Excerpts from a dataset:
━━━━━━━━
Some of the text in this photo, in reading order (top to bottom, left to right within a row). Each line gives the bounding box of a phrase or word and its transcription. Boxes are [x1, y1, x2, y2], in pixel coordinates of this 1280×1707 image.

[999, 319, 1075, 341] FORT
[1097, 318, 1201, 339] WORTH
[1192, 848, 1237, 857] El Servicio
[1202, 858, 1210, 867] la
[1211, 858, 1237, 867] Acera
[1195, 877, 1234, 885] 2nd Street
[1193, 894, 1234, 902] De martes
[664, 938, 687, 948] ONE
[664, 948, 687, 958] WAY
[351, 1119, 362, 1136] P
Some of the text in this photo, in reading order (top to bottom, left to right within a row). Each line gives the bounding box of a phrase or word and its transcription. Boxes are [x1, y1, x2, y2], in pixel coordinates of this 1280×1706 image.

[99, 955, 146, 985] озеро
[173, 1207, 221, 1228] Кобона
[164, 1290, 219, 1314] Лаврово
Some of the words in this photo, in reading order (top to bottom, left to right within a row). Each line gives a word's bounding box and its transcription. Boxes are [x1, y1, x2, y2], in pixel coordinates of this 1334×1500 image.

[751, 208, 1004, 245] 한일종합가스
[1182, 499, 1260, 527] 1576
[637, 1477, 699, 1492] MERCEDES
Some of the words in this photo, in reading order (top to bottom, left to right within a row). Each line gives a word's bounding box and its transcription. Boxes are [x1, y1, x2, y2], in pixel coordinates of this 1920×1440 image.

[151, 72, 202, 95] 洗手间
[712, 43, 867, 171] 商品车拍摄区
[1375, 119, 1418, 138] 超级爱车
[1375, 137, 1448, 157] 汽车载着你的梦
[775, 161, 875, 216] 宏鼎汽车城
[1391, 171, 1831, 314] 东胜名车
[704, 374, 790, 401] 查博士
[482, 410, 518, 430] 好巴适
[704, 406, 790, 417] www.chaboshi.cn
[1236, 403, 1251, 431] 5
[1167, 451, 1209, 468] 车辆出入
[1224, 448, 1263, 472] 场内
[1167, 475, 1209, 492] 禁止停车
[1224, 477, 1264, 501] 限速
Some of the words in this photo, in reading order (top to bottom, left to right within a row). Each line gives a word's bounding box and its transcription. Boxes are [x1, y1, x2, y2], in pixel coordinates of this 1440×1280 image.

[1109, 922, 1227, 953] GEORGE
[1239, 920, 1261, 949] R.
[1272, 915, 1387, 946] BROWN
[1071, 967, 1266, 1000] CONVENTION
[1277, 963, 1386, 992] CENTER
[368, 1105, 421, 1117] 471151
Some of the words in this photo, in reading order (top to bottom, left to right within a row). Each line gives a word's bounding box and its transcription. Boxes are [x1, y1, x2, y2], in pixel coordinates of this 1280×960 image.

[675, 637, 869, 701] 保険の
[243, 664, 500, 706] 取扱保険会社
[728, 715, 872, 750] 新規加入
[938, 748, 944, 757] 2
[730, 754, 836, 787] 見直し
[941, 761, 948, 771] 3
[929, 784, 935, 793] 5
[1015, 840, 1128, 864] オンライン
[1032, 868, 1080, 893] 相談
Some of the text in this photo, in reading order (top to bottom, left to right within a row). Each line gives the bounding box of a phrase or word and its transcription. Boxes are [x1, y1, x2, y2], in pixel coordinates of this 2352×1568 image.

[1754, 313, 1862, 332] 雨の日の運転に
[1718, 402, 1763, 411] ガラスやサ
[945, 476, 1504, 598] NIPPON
━━━━━━━━
● Action item:
Could every entry above be printed again, word for word?

● Exercise answer:
Some of the text in this photo, in reading order (top to bottom, left to right within a row). Each line gives the bounding box of a phrase or word and its transcription. Boxes are [x1, y1, x2, y2], in pixel coordinates of this 1280×1707 image.

[999, 319, 1075, 341] FORT
[1097, 318, 1201, 339] WORTH
[1192, 848, 1237, 857] El Servicio
[1202, 858, 1210, 867] la
[1211, 858, 1237, 867] Acera
[1195, 877, 1234, 885] 2nd Street
[1193, 894, 1234, 902] De martes
[664, 938, 687, 948] ONE
[664, 948, 687, 958] WAY
[351, 1119, 362, 1136] P
Some of the text in this photo, in reading order (top to bottom, left to right within a row). Each line gives the bounding box of a phrase or word and its transcription. Boxes are [x1, y1, x2, y2], in pixel coordinates of this 1280×1706 image.

[99, 955, 146, 985] озеро
[173, 1207, 221, 1228] Кобона
[164, 1290, 219, 1314] Лаврово
Some of the words in this photo, in reading order (top to bottom, left to right within a row). Each line gives a word's bounding box and its transcription. Boxes are [x1, y1, x2, y2], in pixel coordinates of this 1334×1500 image.

[751, 208, 1004, 245] 한일종합가스
[1182, 499, 1260, 527] 1576
[637, 1477, 699, 1492] MERCEDES
Some of the words in this photo, in reading order (top to bottom, left to right within a row). Each line gives a word's bounding box and its transcription. Boxes are [x1, y1, x2, y2], in pixel coordinates of this 1920×1440 image.

[151, 72, 202, 95] 洗手间
[712, 43, 867, 171] 商品车拍摄区
[1375, 119, 1418, 138] 超级爱车
[1375, 137, 1448, 157] 汽车载着你的梦
[775, 161, 875, 216] 宏鼎汽车城
[1391, 171, 1831, 314] 东胜名车
[704, 374, 790, 401] 查博士
[482, 410, 518, 430] 好巴适
[704, 406, 790, 417] www.chaboshi.cn
[1236, 403, 1251, 431] 5
[1167, 451, 1209, 468] 车辆出入
[1224, 448, 1263, 472] 场内
[1167, 475, 1209, 492] 禁止停车
[1224, 477, 1264, 501] 限速
Some of the words in this photo, in reading order (top to bottom, left to right within a row). Each line gives a word's bounding box and its transcription. Boxes are [x1, y1, x2, y2], in pixel coordinates of this 1440×1280 image.

[1109, 922, 1227, 953] GEORGE
[1239, 920, 1261, 949] R.
[1272, 915, 1387, 946] BROWN
[1071, 967, 1266, 1000] CONVENTION
[1277, 963, 1386, 992] CENTER
[368, 1105, 421, 1117] 471151
Some of the words in this photo, in reading order (top to bottom, left to right within a row). Each line gives a word's bounding box and its transcription. Boxes are [x1, y1, x2, y2], in pixel coordinates of this 1280×960 image.

[675, 637, 869, 701] 保険の
[243, 664, 500, 706] 取扱保険会社
[728, 715, 872, 750] 新規加入
[938, 748, 944, 757] 2
[730, 754, 836, 787] 見直し
[941, 761, 948, 771] 3
[929, 784, 935, 793] 5
[1015, 840, 1128, 864] オンライン
[1032, 868, 1080, 893] 相談
Some of the text in this photo, in reading order (top to bottom, left to right within a row). Each line gives the bounding box of a phrase or word and its transcription. Boxes are [x1, y1, x2, y2], in pixel coordinates of this 2352×1568 image.

[1754, 313, 1862, 332] 雨の日の運転に
[1718, 402, 1763, 411] ガラスやサ
[945, 476, 1504, 598] NIPPON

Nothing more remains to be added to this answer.